Now, one may perhaps interject that Ryles is not talking about cognition when he uses the term cogitation. If that is the case.....I give up. Anybody can say whatever they want if they also invent the terms to justify it. Just going to be mighty difficult to find common ground, though.

“....What is the point of the under-breath muttering which the thinker really is very often doing when thinking? What is the heuristic use of soliloquizing? There is no one-strand answer.....

(Of course there is: understanding)

......The still baffled Pythagoras, in again and again muttering a geometrical phrase to himself, may be intending, by way of rehearsal, to fix it in his memory; or in discontent with its slack phrasing, he may be intending, if he can, to stiffen it; or he may be meaning to re-savour the thrill of a recent discovery...”

....all possible, yet all reducible to........go ahead, take a guess.

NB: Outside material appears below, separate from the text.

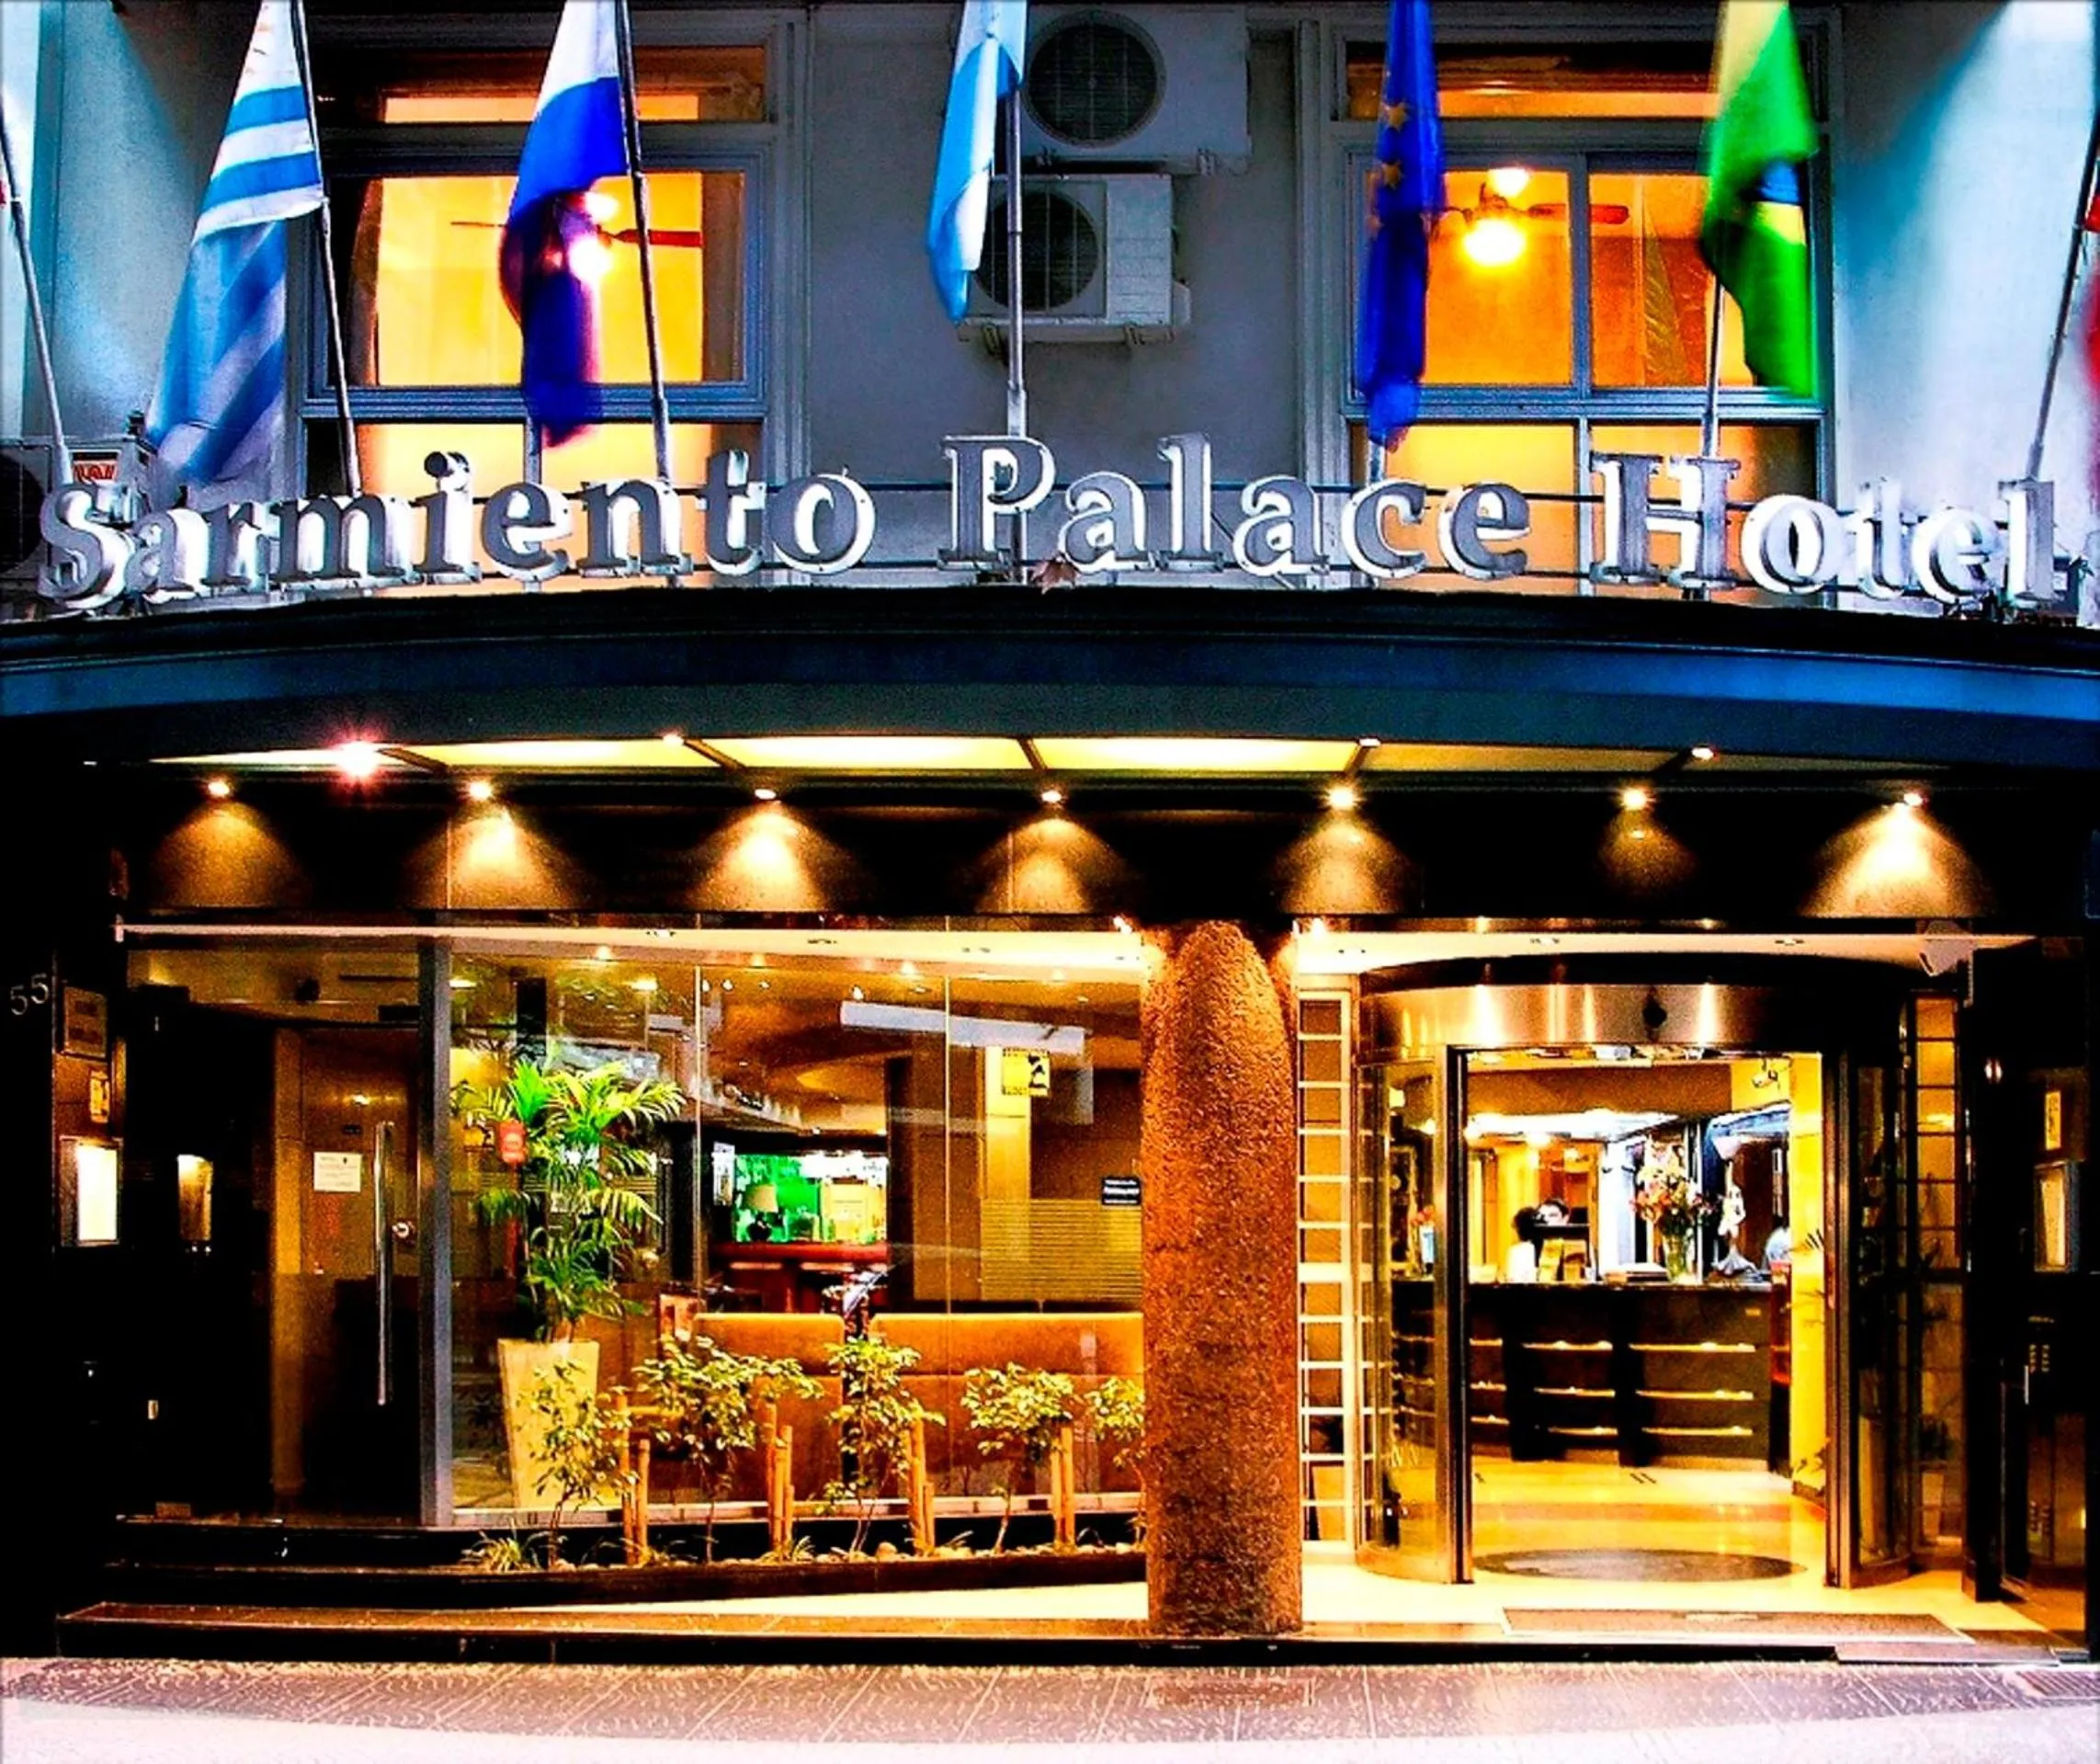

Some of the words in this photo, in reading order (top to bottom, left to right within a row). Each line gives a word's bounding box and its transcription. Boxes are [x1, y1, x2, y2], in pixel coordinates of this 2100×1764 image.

[39, 449, 877, 610] Sarmiento
[937, 433, 1531, 580] Palace
[1588, 452, 2059, 607] Hotel
[10, 973, 49, 1016] 55

Now, about these under-breath mutterings. Ever read a book that thoroughly enthralled you? I mean...took you away and put you right where the author wanted you to be. For me, it was Stephen King, and I’m here to tell ya I never saw the words he wrote, and I never muttered a damn thing. All that says, is that it is entirely possible to have mental activity without the slightest internal muttering, which makes explicit there are certain mental activities in which language has no play. If there are some mental activities in which language has no play, yet mental activities are completely comprehensible, the whole intentionality thing is rather worthless, at least from a radical private perspective.

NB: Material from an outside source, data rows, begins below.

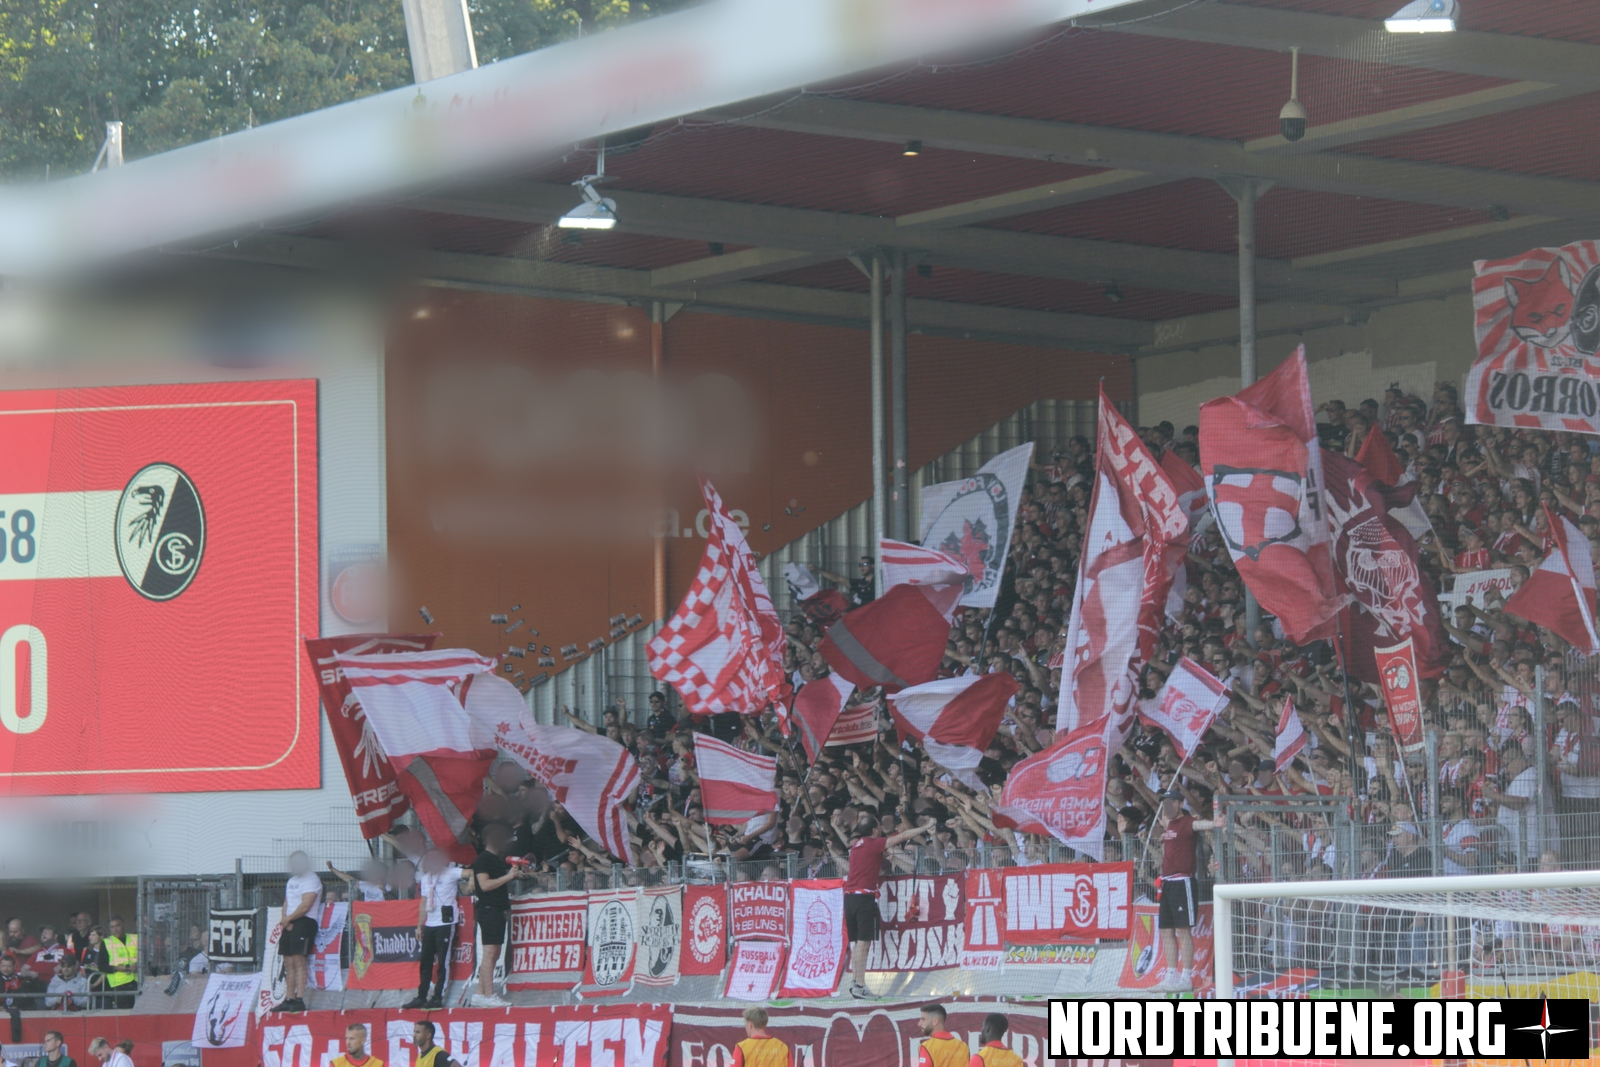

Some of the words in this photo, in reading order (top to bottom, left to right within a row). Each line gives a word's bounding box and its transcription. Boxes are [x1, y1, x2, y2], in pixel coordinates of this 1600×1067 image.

[353, 780, 400, 810] FREIB
[733, 885, 785, 903] KHALID
[734, 904, 753, 918] FÜR
[755, 905, 785, 918] IMMER
[755, 919, 778, 931] UNS
[511, 911, 584, 942] SYNTHESIA
[374, 930, 422, 958] Knaddly
[513, 945, 561, 972] ULTRAS
[564, 944, 581, 970] 79
[740, 949, 777, 963] FUSSBALL
[849, 922, 966, 970] ASCISM
[791, 957, 836, 979] ULTRAS
[386, 1016, 664, 1067] EHALTEN

Anyway, thanks for the reference showing me the ground of your arguments so far. Rest assured I don’t necessarily disagree with them entirely, even if I find such grounding both insufficient for theoretical completeness, and misguided in theoretical derivation.

Ok, fine. Two items. Pg7:

“...Our Reductionist had begun by assailing Cartesian and Platonic extravagances on the basis of what can be, in an ordinary way, observed. But now he reduces, in its turn, observation itself to Nothing But some oddly stingy minimum. However, this stinginess of the empiricist must not soften us towards the lavishness of the transcendentalist. For though he properly acknowledges the differences between kicking and scoring, or between just presenting arms and obeying the order to present arms, yet he goes on to make these differences occult ones. For since they are not to be the earthly or muscular differences demanded in vain by the empiricist, they will have instead to be unearthly, nonmuscular differences that transcend the referee's and the sergeant's powers of perception...”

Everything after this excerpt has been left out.